La carte et le territoire

Filet Billet_685_bleu3_OKPosséder un excellent GPS n’y a rien changé, j’aime toujours autant les cartes. Toutes les cartes : celles, au 1/1 000 000ème, d’un pays entier, pour repérer les grands axes permettant de se rendre rapidement d’une région à une autre ; les régionales, parfaites pour une balade de quelques jours quand on décide de faire le tour des curiosités ; les « deux départements », mes préférées, idéales pour peigner les petites routes. J’aime aussi, quand la moto reste au garage, les cartes de l’IGN, les bleues au 1/25 000ème utilisées pour la randonnée, entre toutes celles dont l’oubli, ou une lecture erronée, peut avoir les conséquences les plus fâcheuses.

Avant un voyage ou une simple balade, presque rien ne me plait autant que de rêvasser sur une carte dépliée sur la table de ma cuisine, à combiner routes à grande circulation (pour changer d’air), petites routes blanches (pour s’en imprégner) et surlignage vert (les fameux « parcours pittoresques » selon Michelin), le tout en construisant mentalement le paysage correspondant.

Carte 06_h435desatDernière phase du petit jeu de la carte et du territoire (1) : au retour, encore tout imprégné des paysages traversés, mon premier geste est pour déplier à nouveau la carte.

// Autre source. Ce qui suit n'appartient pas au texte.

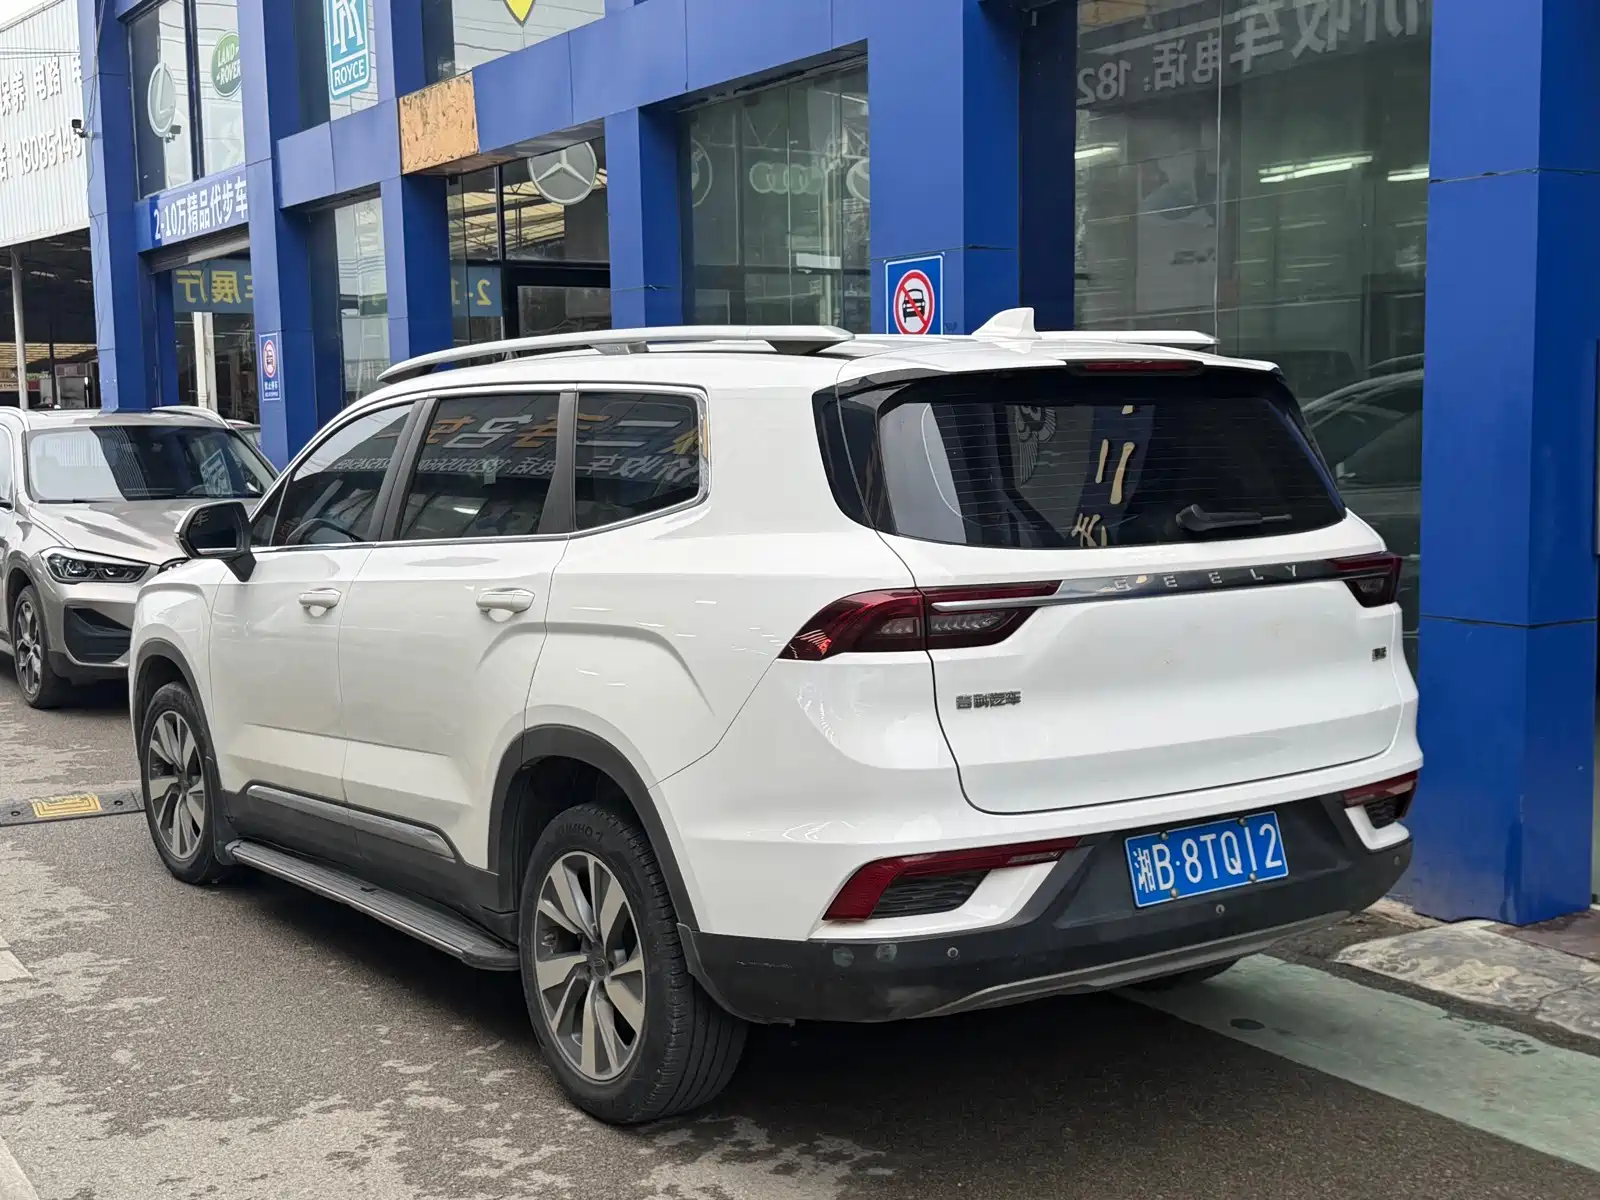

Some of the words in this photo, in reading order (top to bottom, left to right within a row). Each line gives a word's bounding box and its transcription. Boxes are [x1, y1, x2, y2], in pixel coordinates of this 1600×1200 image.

Profil de la route, signes conventionnels, relief et localités sont maintenant associés à des images, un peu comme fait GoogleMaps. En revivant mon voyage, m’apparaissent les endroits où cette route qui semblait débonnaire s’est avérée méchamment escarpée, et cette vallée qui semblait sauvage et désolée, agréablement plantée d’arbres fruitiers ; les endroits aussi (plus nombreux heureusement), où mon intuition masculine, alliée à mes presque 384 400 km parcourus sur deux roues, ne m’avaient pas trompé et fait entrevoir, à la seule lecture de la carte, des routes à moto somptueuses.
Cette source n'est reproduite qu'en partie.